== EXERCISE INPUT
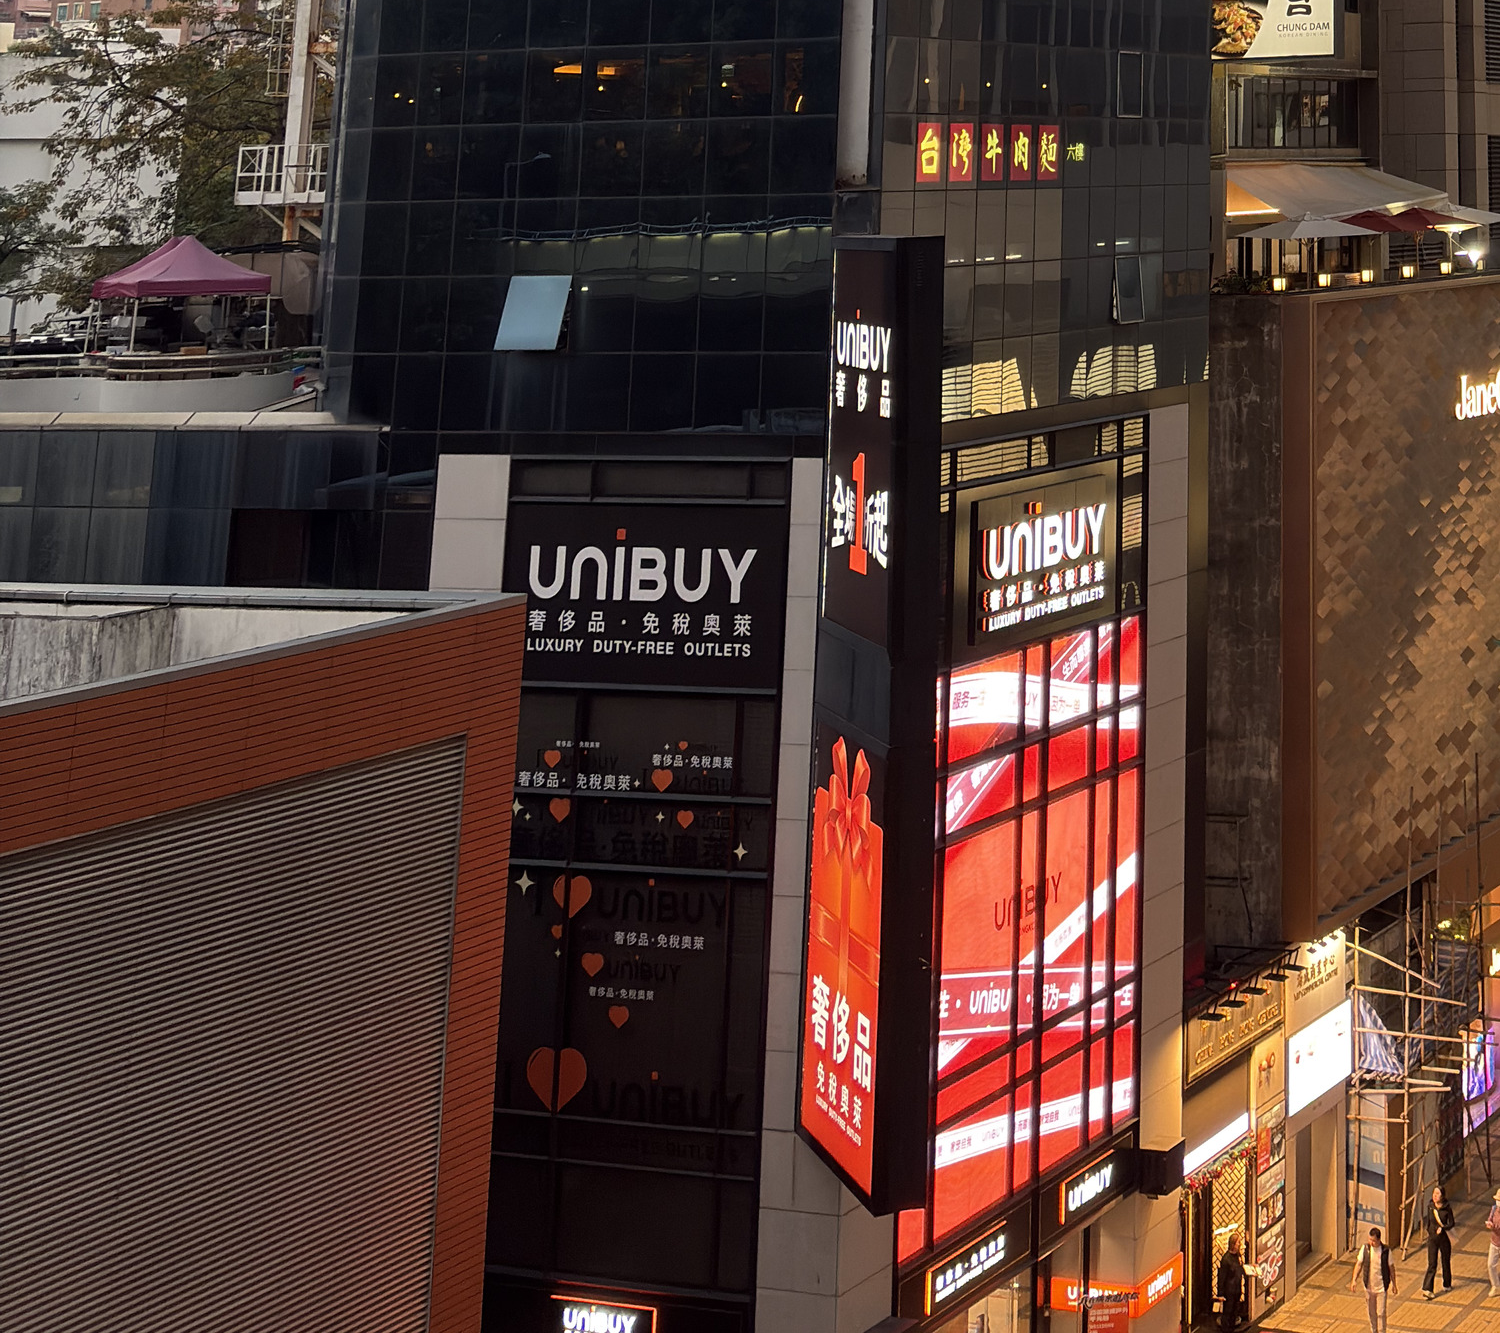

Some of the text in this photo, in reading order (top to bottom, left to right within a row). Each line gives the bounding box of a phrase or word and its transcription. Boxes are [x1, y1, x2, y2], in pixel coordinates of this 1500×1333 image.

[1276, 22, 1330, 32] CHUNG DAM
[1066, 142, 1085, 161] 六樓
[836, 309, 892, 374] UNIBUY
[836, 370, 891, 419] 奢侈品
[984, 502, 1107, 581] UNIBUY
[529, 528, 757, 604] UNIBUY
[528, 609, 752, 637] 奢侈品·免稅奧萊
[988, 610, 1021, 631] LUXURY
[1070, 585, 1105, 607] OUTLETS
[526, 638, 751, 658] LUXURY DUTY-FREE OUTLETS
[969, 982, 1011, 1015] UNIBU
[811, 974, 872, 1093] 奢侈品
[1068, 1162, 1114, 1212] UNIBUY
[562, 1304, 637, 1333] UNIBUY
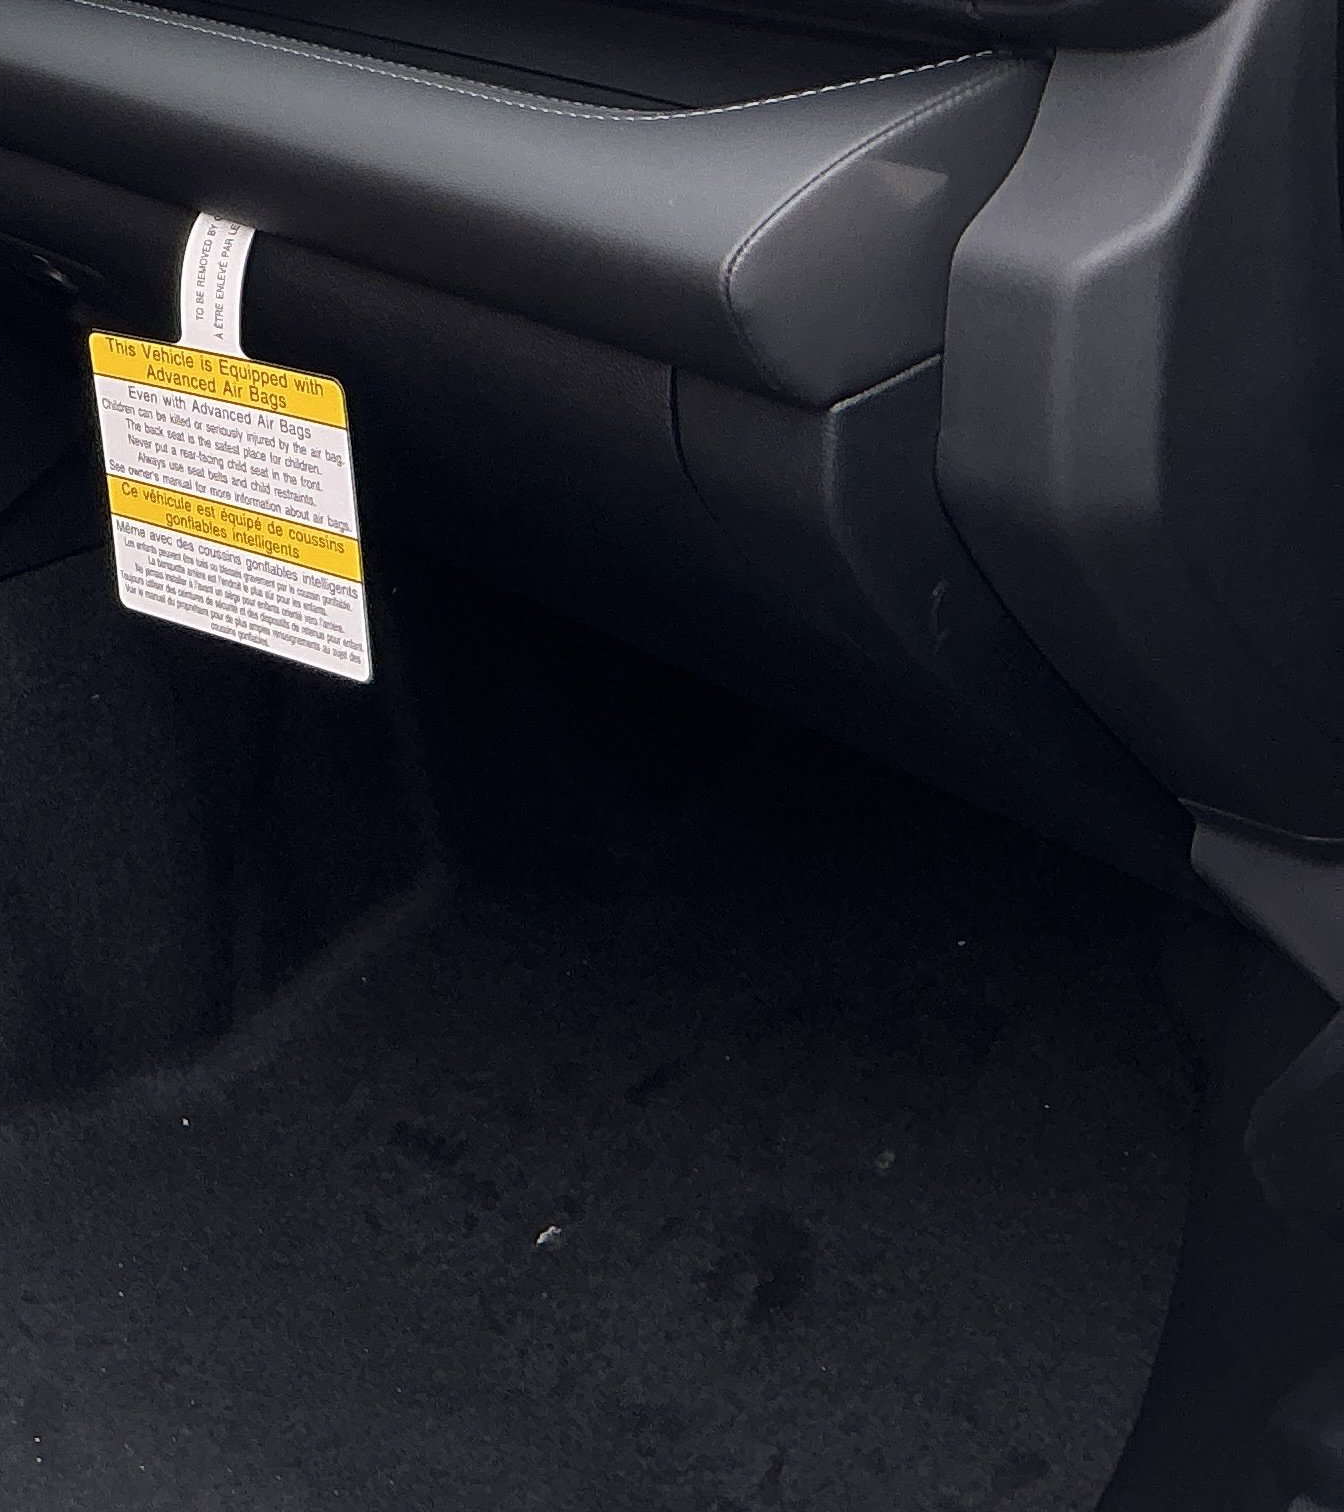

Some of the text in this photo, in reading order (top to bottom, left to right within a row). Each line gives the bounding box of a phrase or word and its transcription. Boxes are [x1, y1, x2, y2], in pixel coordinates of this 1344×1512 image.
====
== EXERCISE INPUT
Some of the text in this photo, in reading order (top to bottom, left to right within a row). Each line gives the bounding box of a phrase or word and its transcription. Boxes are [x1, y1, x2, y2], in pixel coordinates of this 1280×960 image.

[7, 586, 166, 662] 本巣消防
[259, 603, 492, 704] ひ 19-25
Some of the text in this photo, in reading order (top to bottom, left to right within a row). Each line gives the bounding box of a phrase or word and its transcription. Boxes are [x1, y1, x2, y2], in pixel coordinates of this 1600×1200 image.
====
_TASK DIRECTIONS_. Within the material above, only the stretch from the line holding "this 1500×1333 image." through the line holding "this 1344×1512 image." is to be restated exactly. Pictures are dropped.

_WRITTEN ANSWER_.
Some of the text in this photo, in reading order (top to bottom, left to right within a row). Each line gives the bounding box of a phrase or word and its transcription. Boxes are [x1, y1, x2, y2], in pixel coordinates of this 1500×1333 image.

[1276, 22, 1330, 32] CHUNG DAM
[1066, 142, 1085, 161] 六樓
[836, 309, 892, 374] UNIBUY
[836, 370, 891, 419] 奢侈品
[984, 502, 1107, 581] UNIBUY
[529, 528, 757, 604] UNIBUY
[528, 609, 752, 637] 奢侈品·免稅奧萊
[988, 610, 1021, 631] LUXURY
[1070, 585, 1105, 607] OUTLETS
[526, 638, 751, 658] LUXURY DUTY-FREE OUTLETS
[969, 982, 1011, 1015] UNIBU
[811, 974, 872, 1093] 奢侈品
[1068, 1162, 1114, 1212] UNIBUY
[562, 1304, 637, 1333] UNIBUY

Some of the text in this photo, in reading order (top to bottom, left to right within a row). Each line gives the bounding box of a phrase or word and its transcription. Boxes are [x1, y1, x2, y2], in pixel coordinates of this 1344×1512 image.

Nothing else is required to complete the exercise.